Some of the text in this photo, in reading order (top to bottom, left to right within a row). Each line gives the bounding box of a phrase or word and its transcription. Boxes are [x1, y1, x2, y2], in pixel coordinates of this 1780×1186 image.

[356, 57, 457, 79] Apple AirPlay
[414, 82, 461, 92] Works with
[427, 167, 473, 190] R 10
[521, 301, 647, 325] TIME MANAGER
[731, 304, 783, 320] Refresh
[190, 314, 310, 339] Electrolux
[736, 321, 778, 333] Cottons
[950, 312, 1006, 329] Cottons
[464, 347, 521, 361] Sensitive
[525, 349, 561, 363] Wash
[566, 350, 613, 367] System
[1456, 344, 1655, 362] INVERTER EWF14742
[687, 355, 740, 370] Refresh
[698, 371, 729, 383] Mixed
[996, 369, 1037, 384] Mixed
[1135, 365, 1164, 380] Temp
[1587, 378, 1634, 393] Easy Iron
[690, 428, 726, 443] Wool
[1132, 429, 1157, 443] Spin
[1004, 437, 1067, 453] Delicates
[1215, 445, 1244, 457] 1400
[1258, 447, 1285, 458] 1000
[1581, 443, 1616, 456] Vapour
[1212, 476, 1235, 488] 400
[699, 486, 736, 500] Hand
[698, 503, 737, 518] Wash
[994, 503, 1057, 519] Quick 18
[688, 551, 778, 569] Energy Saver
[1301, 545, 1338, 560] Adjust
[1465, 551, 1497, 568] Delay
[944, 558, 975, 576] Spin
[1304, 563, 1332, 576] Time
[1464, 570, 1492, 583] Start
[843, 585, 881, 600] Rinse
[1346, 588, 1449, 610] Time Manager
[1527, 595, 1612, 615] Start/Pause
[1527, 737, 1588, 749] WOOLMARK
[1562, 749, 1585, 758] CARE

_Activity_:
Return every record above exactly as it appears.

_Response to this exercise_:
Some of the text in this photo, in reading order (top to bottom, left to right within a row). Each line gives the bounding box of a phrase or word and its transcription. Boxes are [x1, y1, x2, y2], in pixel coordinates of this 1780×1186 image.

[356, 57, 457, 79] Apple AirPlay
[414, 82, 461, 92] Works with
[427, 167, 473, 190] R 10
[521, 301, 647, 325] TIME MANAGER
[731, 304, 783, 320] Refresh
[190, 314, 310, 339] Electrolux
[736, 321, 778, 333] Cottons
[950, 312, 1006, 329] Cottons
[464, 347, 521, 361] Sensitive
[525, 349, 561, 363] Wash
[566, 350, 613, 367] System
[1456, 344, 1655, 362] INVERTER EWF14742
[687, 355, 740, 370] Refresh
[698, 371, 729, 383] Mixed
[996, 369, 1037, 384] Mixed
[1135, 365, 1164, 380] Temp
[1587, 378, 1634, 393] Easy Iron
[690, 428, 726, 443] Wool
[1132, 429, 1157, 443] Spin
[1004, 437, 1067, 453] Delicates
[1215, 445, 1244, 457] 1400
[1258, 447, 1285, 458] 1000
[1581, 443, 1616, 456] Vapour
[1212, 476, 1235, 488] 400
[699, 486, 736, 500] Hand
[698, 503, 737, 518] Wash
[994, 503, 1057, 519] Quick 18
[688, 551, 778, 569] Energy Saver
[1301, 545, 1338, 560] Adjust
[1465, 551, 1497, 568] Delay
[944, 558, 975, 576] Spin
[1304, 563, 1332, 576] Time
[1464, 570, 1492, 583] Start
[843, 585, 881, 600] Rinse
[1346, 588, 1449, 610] Time Manager
[1527, 595, 1612, 615] Start/Pause
[1527, 737, 1588, 749] WOOLMARK
[1562, 749, 1585, 758] CARE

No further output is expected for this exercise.